§ **What the task requires**
Beginning at the line that contains "Some of the text" and ending at the last line of the records below, retype each line exactly and add nothing.

(Stored data entries)
# # # # # # #
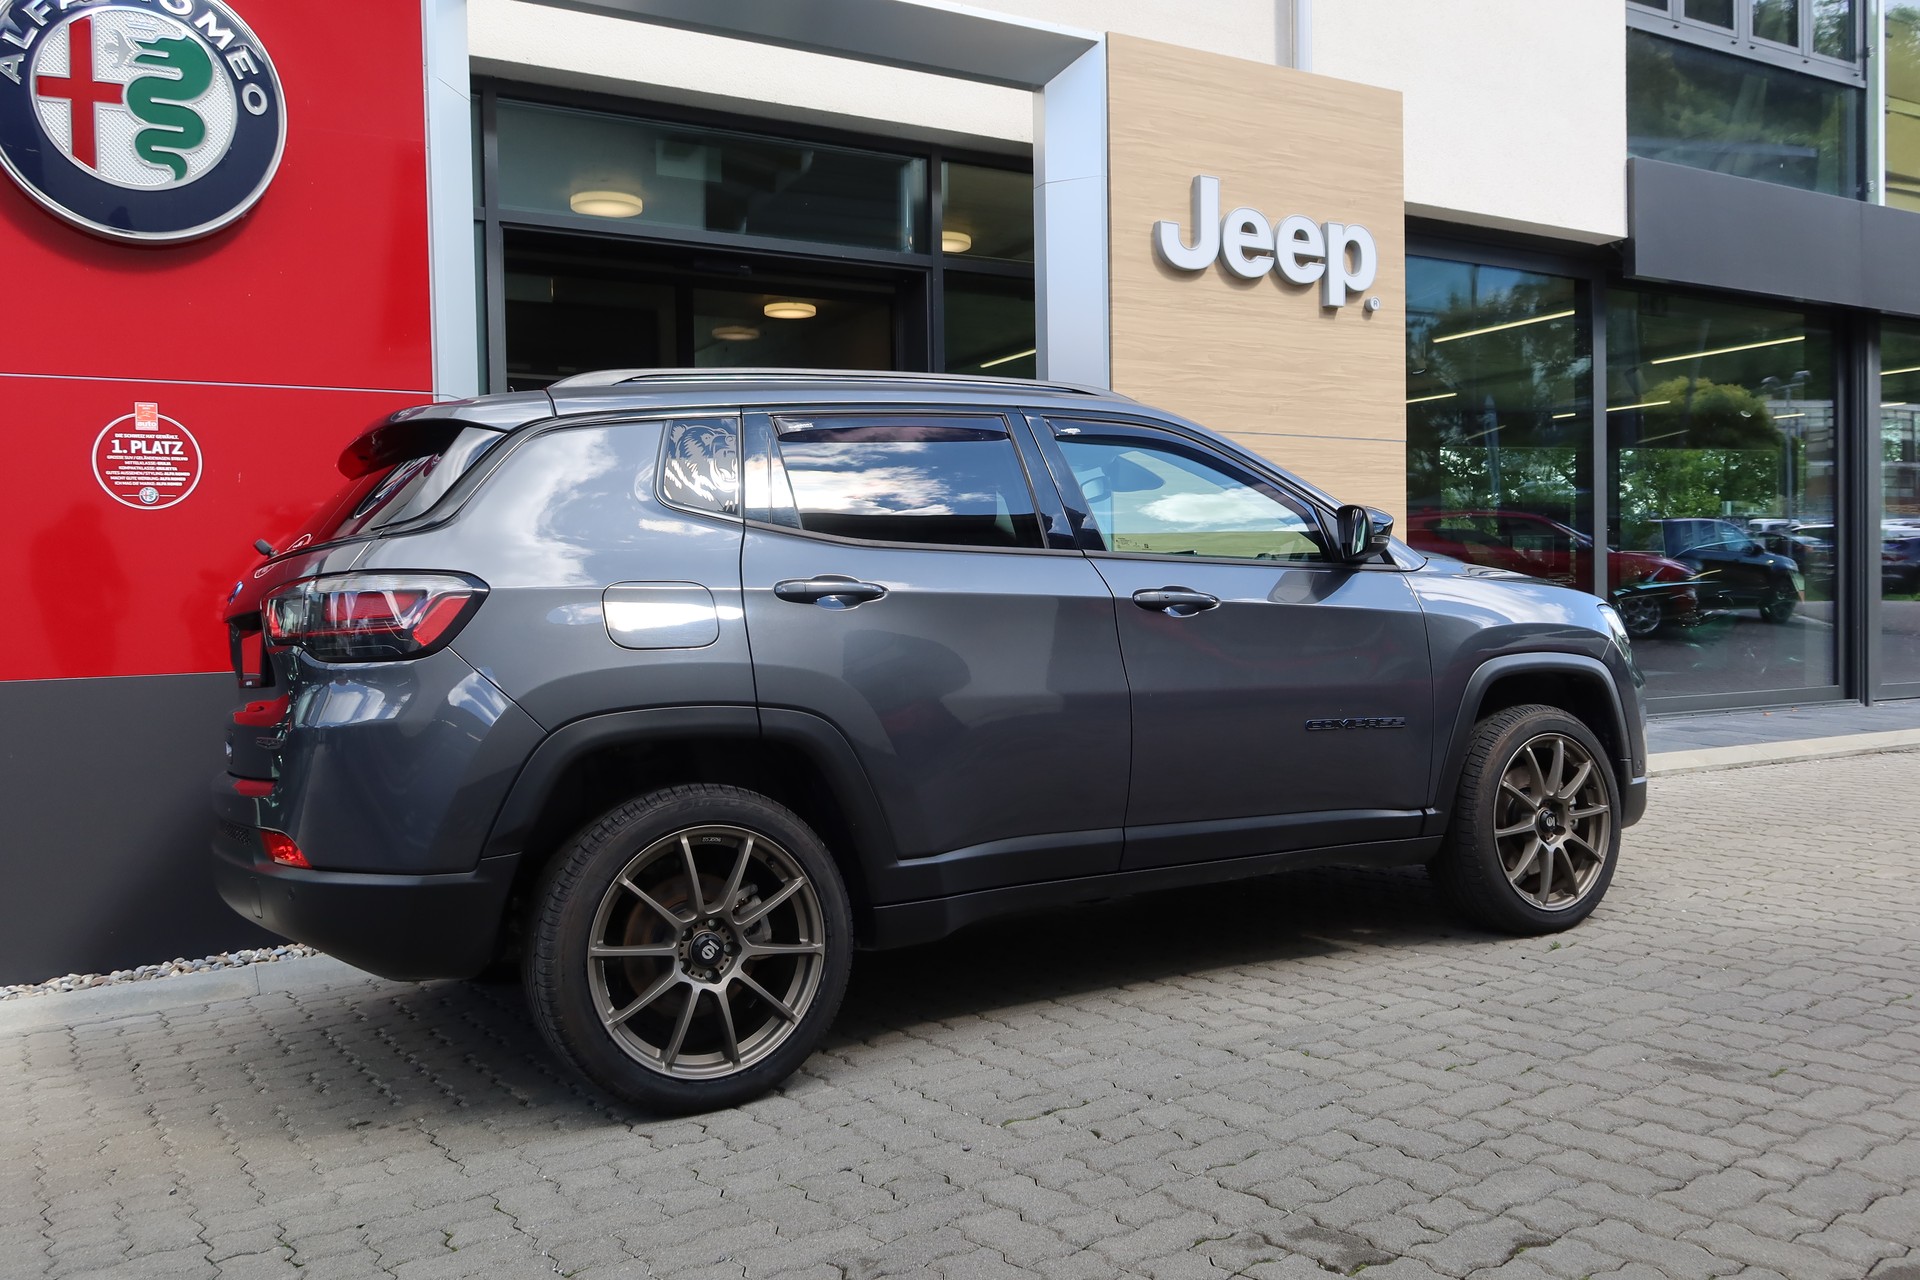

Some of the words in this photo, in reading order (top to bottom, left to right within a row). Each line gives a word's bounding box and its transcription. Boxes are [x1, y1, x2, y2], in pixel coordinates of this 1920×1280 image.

[0, 0, 93, 85] ALF
[140, 0, 268, 116] OMEO
[1152, 174, 1378, 308] Jeep
[111, 440, 128, 454] 1.
[130, 440, 184, 455] PLATZ
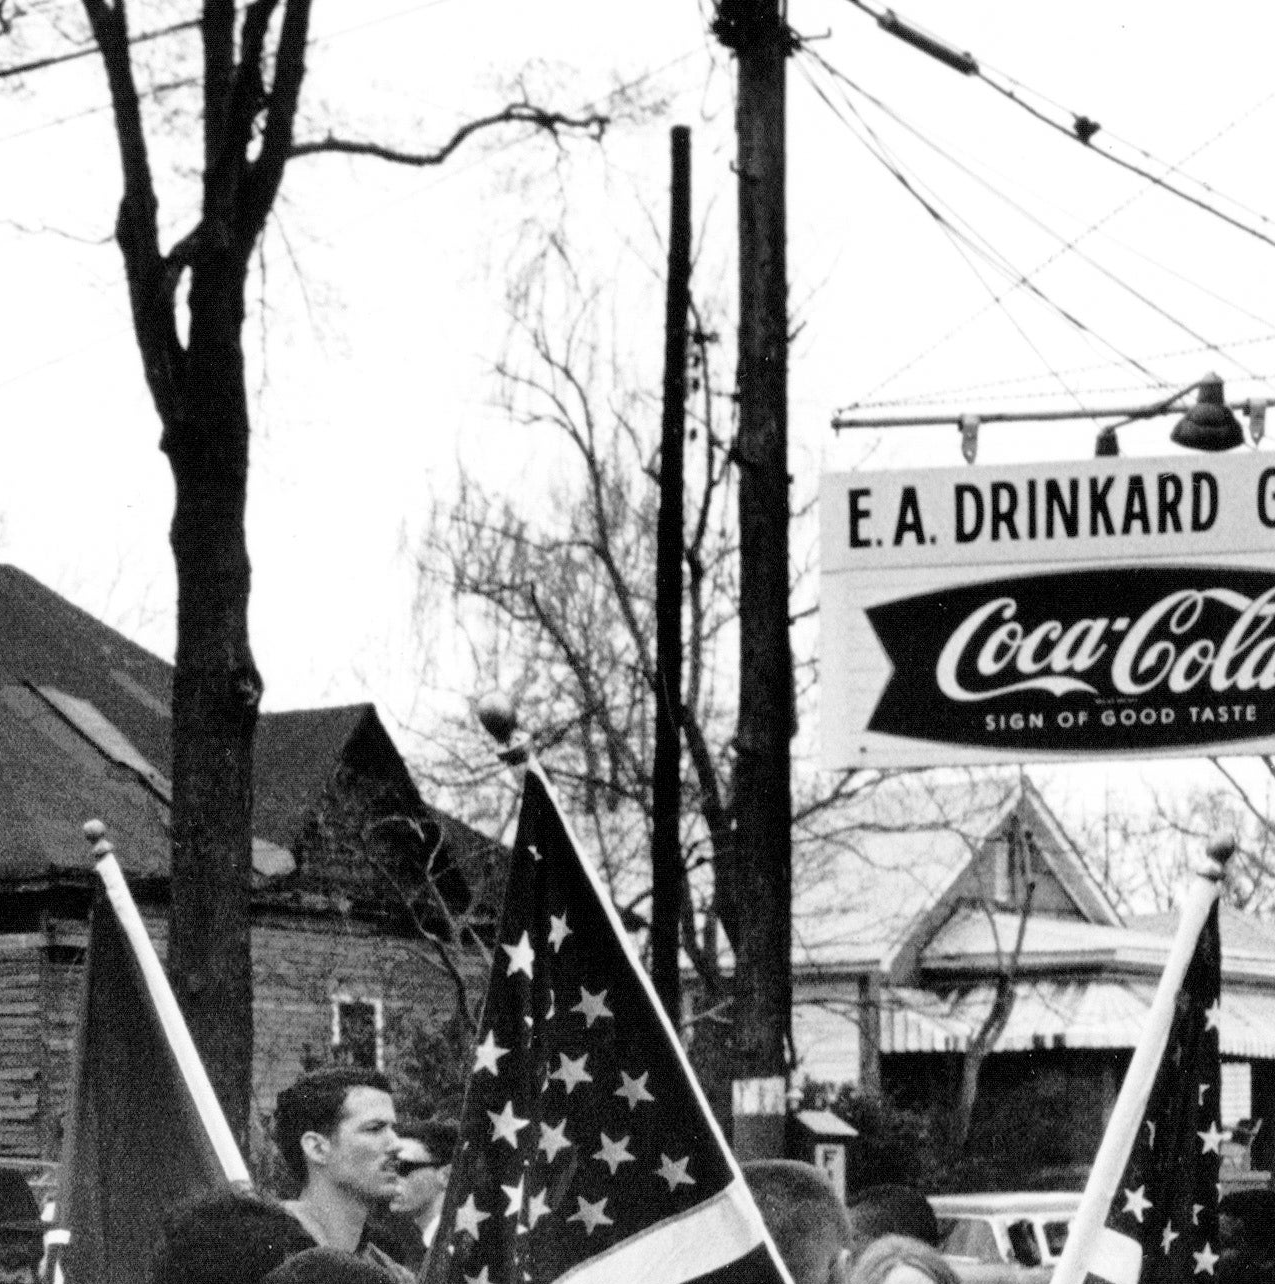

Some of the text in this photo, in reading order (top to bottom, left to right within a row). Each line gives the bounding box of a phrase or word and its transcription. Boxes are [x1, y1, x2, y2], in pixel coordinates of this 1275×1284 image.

[954, 470, 1219, 544] DRINKARD
[935, 587, 1275, 702] Coca-Cola
[985, 705, 1256, 731] SIGN OF GOOD TASTE
# # # # # # #
§ **Output of the exercise**
Some of the text in this photo, in reading order (top to bottom, left to right within a row). Each line gives the bounding box of a phrase or word and its transcription. Boxes are [x1, y1, x2, y2], in pixel coordinates of this 1275×1284 image.

[954, 470, 1219, 544] DRINKARD
[935, 587, 1275, 702] Coca-Cola
[985, 705, 1256, 731] SIGN OF GOOD TASTE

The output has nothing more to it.